Grandma hasn’t lived in her house by the pond for several years and Grandpa’s been in heaven for fourteen. It never bothered me much because I still could visit with my Grandma in the assisted living home where she now lives. I could still walk around her pond if I wanted to. My children and I could walk to her house through the over grown pasture or around through the field to pick asparagus or grapes, if we so desired.
But, this week as I was helping my parents clean my grandma’s house to get it ready for renters, sadness settled in. The emptiness spoke of finality. It shouted of a time gone by with only memories to support it.
As I cleaned the outside of a couple windows I glanced behind me to see the morning glories struggling to survive. Years ago when I was a girl they flourished. Grandpa had twine strung from the ground to the top of the garage. And those vines made a wall of green. When we spent the night at Grandma and Grandpa’s it was tradition in the summer months to count the morning glories before breakfast. I remember standing next to Grandpa looking out the storm door counting what seemed like hundreds of deep purple blooms.
I remembered many hot summer days building cities, roads and homes in the sandy driveway and when we got really hot Grandma and Grandpa would let us carry buckets of water to make moats and puddles, ponds and lakes for our sand creations.
Cleaning the kitchen cupboards triggered memories of Grandma and what a wonderful cook she was. I LOVED eating at Grandma’s she was the quintessential country cook. There were always “Granny” eggs (eggs done sunny side up) for breakfast, which Grandpa mashed onto our toast for us. Grandma could can pickles that were amazing, and her rolls and soft molasses cookies were the best. Grandma popped us popcorn in the evenings there was always home canned grape juice to go with it. Sitting around Grandma’s table, saying grace, holding hands, laughing, talking, watching nature down by the pond and eating till I was bursting and still Grandma offering more.
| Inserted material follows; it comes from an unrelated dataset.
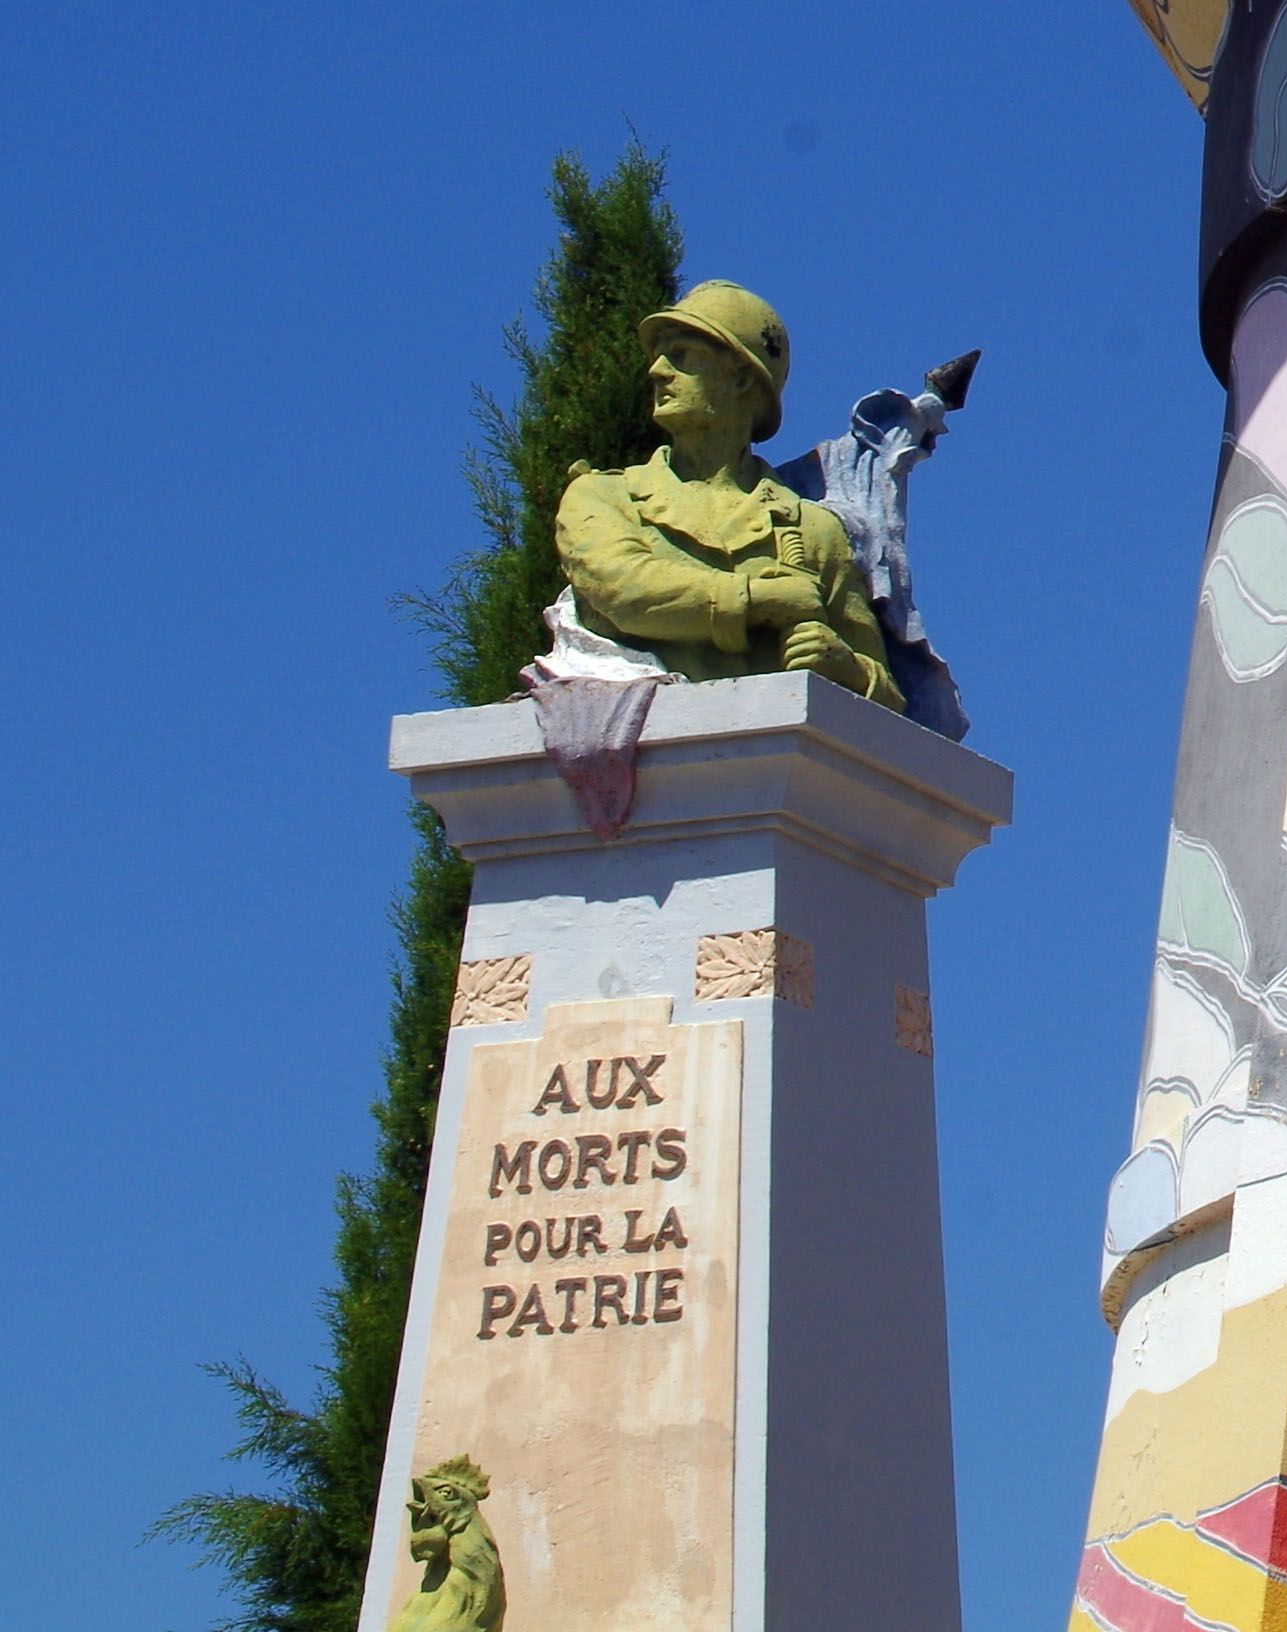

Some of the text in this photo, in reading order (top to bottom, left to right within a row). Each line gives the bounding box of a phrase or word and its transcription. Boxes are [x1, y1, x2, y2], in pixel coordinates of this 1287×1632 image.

Precious.
As I wiped down the top of the fridge, I fought back tears as I remembered the glass container that sat on top filled with peppermints that Grandpa loved. They were the pink soft sort. The kind I’m pretty sure they don’t make any more. I remembered the ladybug magnets that Grandma used to hold clippings from the newspaper that caught her fancy, funny sayings, quotes, life lessons. On top of the fridge sat an old hard leather case. Inside was Grandpa’s old electric razor. Amazingly, the man that was paid to come in and clean out the house completely of the belongings of my Grandparents (the items that none of the family wanted), left it in the bathroom cupboard. I’m pretty sure that was a gift from God!
In the living room I remembered all the times my sisters and I danced to the old records we loved. Records full of silly stories and songs that I had never heard any place else. We would eventually dissolve in fits of laughter onto the carpet. I remembered the nights snuggled on the couch listening to Grandma read the stories she had written about Grandpa’s Farm. Or the moments spent snuggled on Grandpa’s lap with one of my sisters beside me, listening to Grandpa sing our favorite songs. While I brushed my teeth with the toothbrush shaped like a giraffe, Grandma would pull the bed out from the couch and make it up with her special Grandma quilts and blankets.
Wonderful, special, heart-treasured memories of days and nights spent with my Grandparents.
And as hard as it is to see their house empty and know that the era of making memories at Grandma’s house is over, I am abundantly grateful for the memories that my Grandparents helped me create. These gems of untouchable wealth forever be stored in my mind and heart.